Gene Ontology analysis
Gene Ontology (GO) analysis revealed that various tissues exhibited enrichment in genes associated with different GO terms, potentially related to the functions of a given tissue during plant development. For example, the GO term “nutrient reservoir” was enriched in endosperm of both maize and sorghum. We also detected differences between maize and sorghum for the same tissues. For example, the biological process term “response to stress” was enriched in sorghum root but not in maize root, indicating a functional difference between the species (Supplemental Figs. S8, S9).
Transcription factor isoforms produce functional variants in both maize and sorghum
Transcription factors play a critical role in plant development. Maize has 57 transcription factor families, and sorghum has 43 (Yilmaz et al. 2009). By using our single-molecule sequencing data, we identified novel isoforms from 53 families in maize and all 43 families of sorghum (Supplemental Fig. S10A). In both species, some families had particularly high prevalence of isoforms; e.g., in the MYBR family, we found 129 novel isoforms in sorghum and 179 in maize (Supplemental Fig. S10B). The predominance of splicing patterns of transcription factors was similar to overall splicing patterns between species: IR ranked highest, and AL lowest (Supplemental Fig. S11). Similarly, expression profiles of transcription factors showed that different TFs have different preferences for expression in various tissues and that pollen has the highest expression of TFs among tissues (Supplemental Fig. S12A,B). GO analysis also revealed differences in functional classes between maize and sorghum (Supplemental Fig. S12C).
Analysis of the complexity of transcriptome diversity in maize and sorghum
To determine the complexity of various tissues within each species, and to identify differences between matched tissues between the two species, we performed rarefaction analysis on all tissues in each size-fractionated library. The sequencing depth achieved using 135 multiplexed SMRT (single-molecule real-time sequencing) cells reached near-saturation of gene discovery within all size ranges. Saturation was easier to reach in tissues of sorghum due to its lower genome complexity and gene number (Fig. 3A–D). In contrast, due to the complexity of the maize genome, it was harder to achieve saturation of sequenced isoforms (Fig. 3E–H).
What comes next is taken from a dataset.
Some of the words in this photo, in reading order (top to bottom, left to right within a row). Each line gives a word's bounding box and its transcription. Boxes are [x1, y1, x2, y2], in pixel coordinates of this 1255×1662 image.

Rarefaction analysis of covered genes/isoforms in maize and sorghum. Rarefaction analysis of the following: (A) covered genes in maize tissues, (B) covered isoforms in maize tissues, (C) covered genes in sorghum tissues, (D) covered isoforms in sorghum tissues, (E) covered genes in maize across size-fractionated libraries, (F) covered isoforms in maize across size-fractionated libraries, (G) covered genes in sorghum across size-fractionated libraries, and (H) covered isoforms in sorghum across size-fractionated libraries.
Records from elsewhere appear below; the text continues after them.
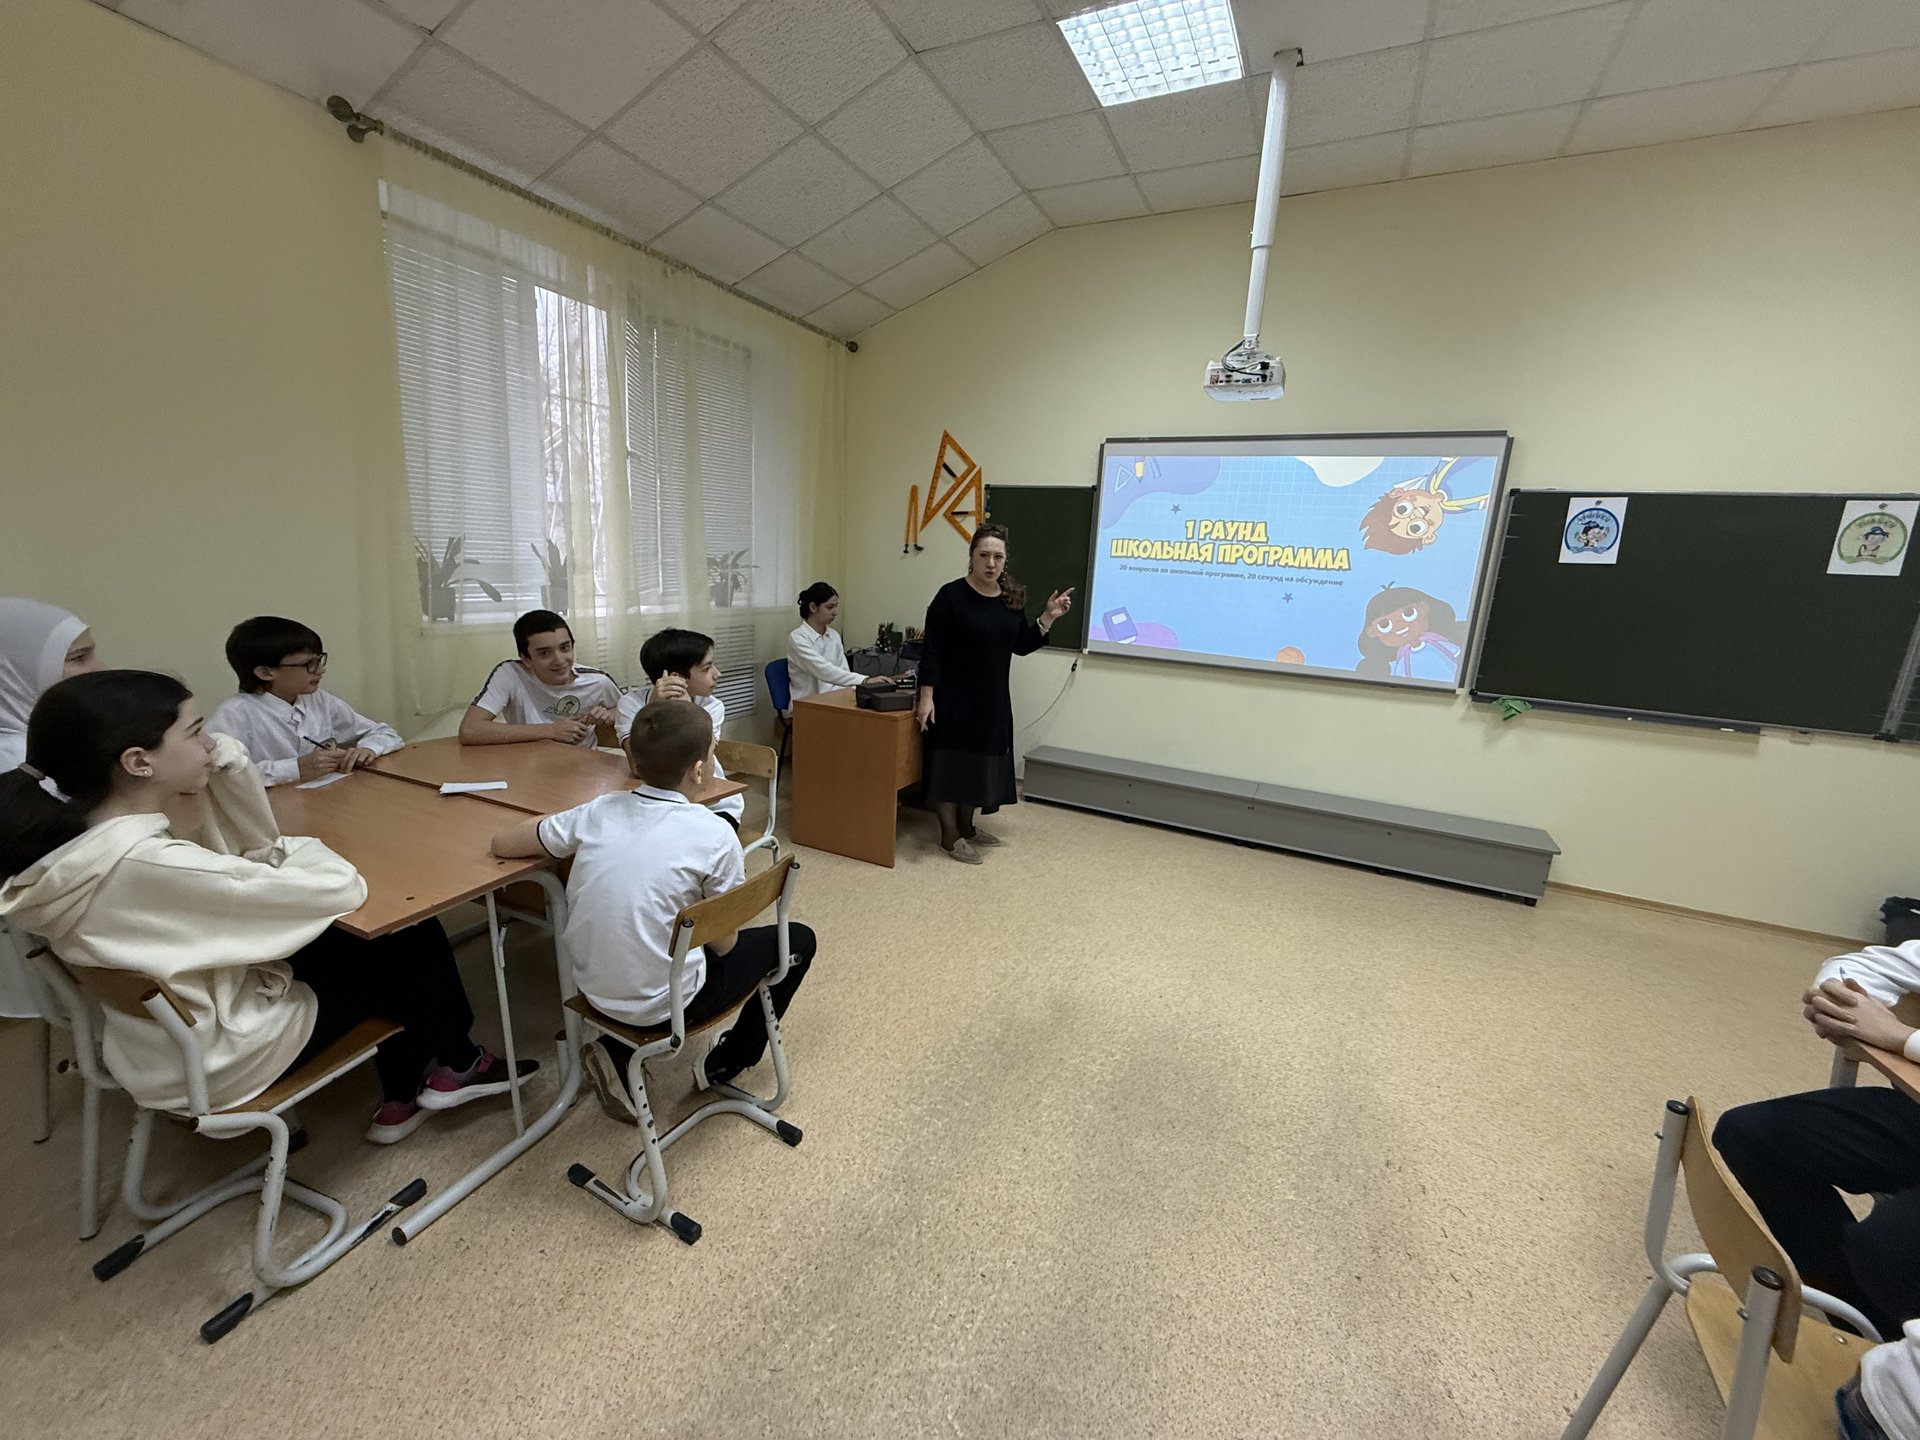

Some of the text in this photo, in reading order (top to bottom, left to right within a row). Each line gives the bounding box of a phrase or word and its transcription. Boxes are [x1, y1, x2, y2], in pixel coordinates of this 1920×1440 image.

[1185, 519, 1269, 543] 1 РАУНД
[1110, 538, 1351, 571] ШКОЛЬНАЯ ПРОГРАММА
[1205, 571, 1246, 580] программе,
[1247, 572, 1257, 580] 20
[1257, 574, 1284, 584] секунд
[1295, 576, 1344, 587] обсуждение
To further investigate the relationship between sequencing depth and transcript discovery, we performed similar analyses using reads from individual tissues or different size-fractionated libraries, pooled across tissues. In both maize and sorghum, seedling-related tissues exhibited the greatest transcriptome diversity at shorter transcript ranges, whereas adult tissues exhibited the greatest diversity at longer transcript ranges. Discovery of known and novel RefGen_v4 transcript isoforms reached saturation much sooner (i.e., at lower subsample sizes) in pollen in both species (Supplemental Figs. S13–S16). Saturation was also reached sooner in reads from larger-insert libraries, with a clear trend toward decreasing transcript diversity with increasing insert length, except that the 1- to 2-kb library was more diverse than the 0- to 1-kb library. In addition, the transcriptome complexity of tissues varied among size fractions. Similar results were obtained using novel and known transcript isoforms as outcome measures.
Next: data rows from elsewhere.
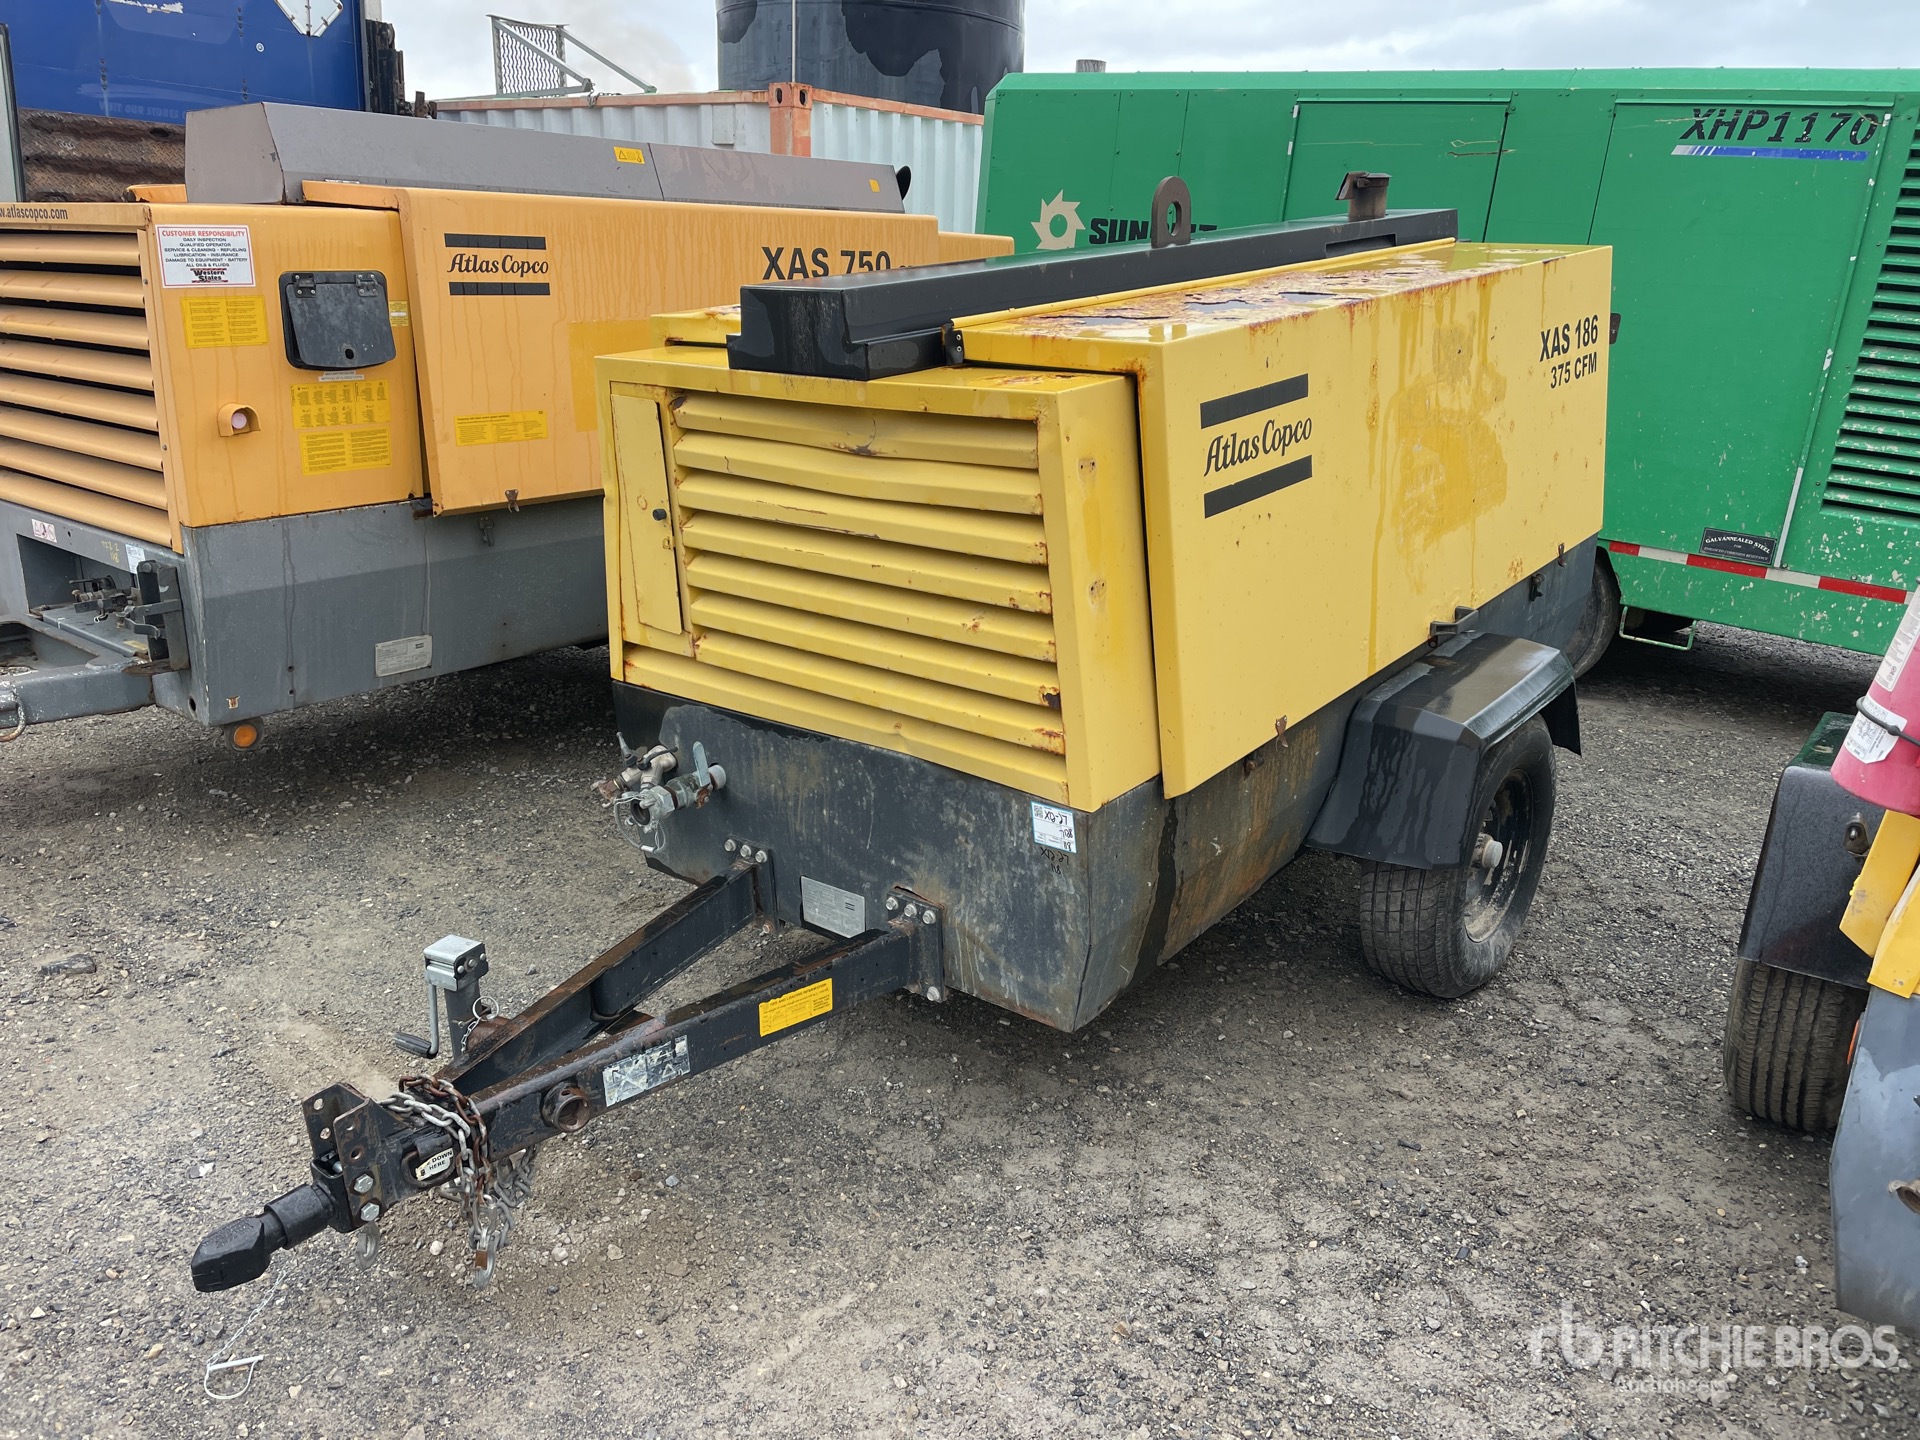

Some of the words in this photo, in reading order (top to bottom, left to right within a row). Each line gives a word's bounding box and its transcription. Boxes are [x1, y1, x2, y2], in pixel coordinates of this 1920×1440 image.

[1680, 108, 1879, 145] XHP1170
[447, 253, 499, 274] Atlas
[501, 254, 549, 278] Copco
[762, 246, 830, 280] XAS
[840, 250, 891, 274] 750
[1540, 323, 1571, 363] XAS
[1575, 314, 1599, 349] 186
[1550, 361, 1571, 389] 375
[1574, 351, 1597, 380] CFM
[1203, 432, 1260, 477] Atlas
[1262, 417, 1312, 457] Copco
[1705, 536, 1754, 545] GALVANNEALED
[1753, 541, 1771, 554] STEEL
[429, 1160, 446, 1170] HERE
[431, 1150, 453, 1163] DOWN
Alternative polyadenylation in maize and sorghum tissues
Alternative polyadenylation (APA) is a common regulatory mechanism of transcriptome complexity. Although alternative poly(A) signals are common in maize and sorghum (Fig. 4A), they remain largely uncharacterized. To investigate the role of poly(A) motifs in the maize and sorghum transcriptomes, we first counted the poly(A) cleavage positions. We found that many genes have diverse poly(A) cleavage sites (CSs) (Supplemental Fig. S17A,B) and that the CSs of poly(A) vary among tissues (Supplemental Fig. S18A,B). Next, to determine which motifs are in charge of poly(A) adenylation, we used SignalSleuth2 (Zhao et al. 2014) to scan the near upstream element (NUE) regions of full-length transcripts expressed in each tissue. The results revealed that the AATAAA motif is predominant and that the top three motifs were the same in both species; however, the relative ranks of some motifs differed; e.g., AATATA ranked fourth in maize but sixth in sorghum (Fig. 4B,C). Comparison of APA motifs in orthologous genes between species (Supplemental Fig. S19) and genes among tissues within each species (Supplemental Figs. S20, S21) revealed that various tissues exhibit differences in poly(A) signal generation and that similar tissues in different species can use different mechanisms to generate poly(A) cleavage signals. Considering polyadenylation proteins are key regulator of polyadenylation machinery, we then investigated the gene expression of cleavage and polyadenylation factors in both maize and sorghum. We found that these factors have diverse expression pattern among different tissues in both maize and sorghum (Supplemental Fig. S22A,B). To further characterize the tissue specificity of polyadenylation, we clustered full-length transcripts ending within five nucleotides of each other across all 11 tissues in both species. The number of tissue-specific poly(A) sites and genes containing such sites differed among tissues in a species-specific manner (Supplemental Fig. S23A,B). Together, these phenomena contribute to the transcript diversity among tissues and species.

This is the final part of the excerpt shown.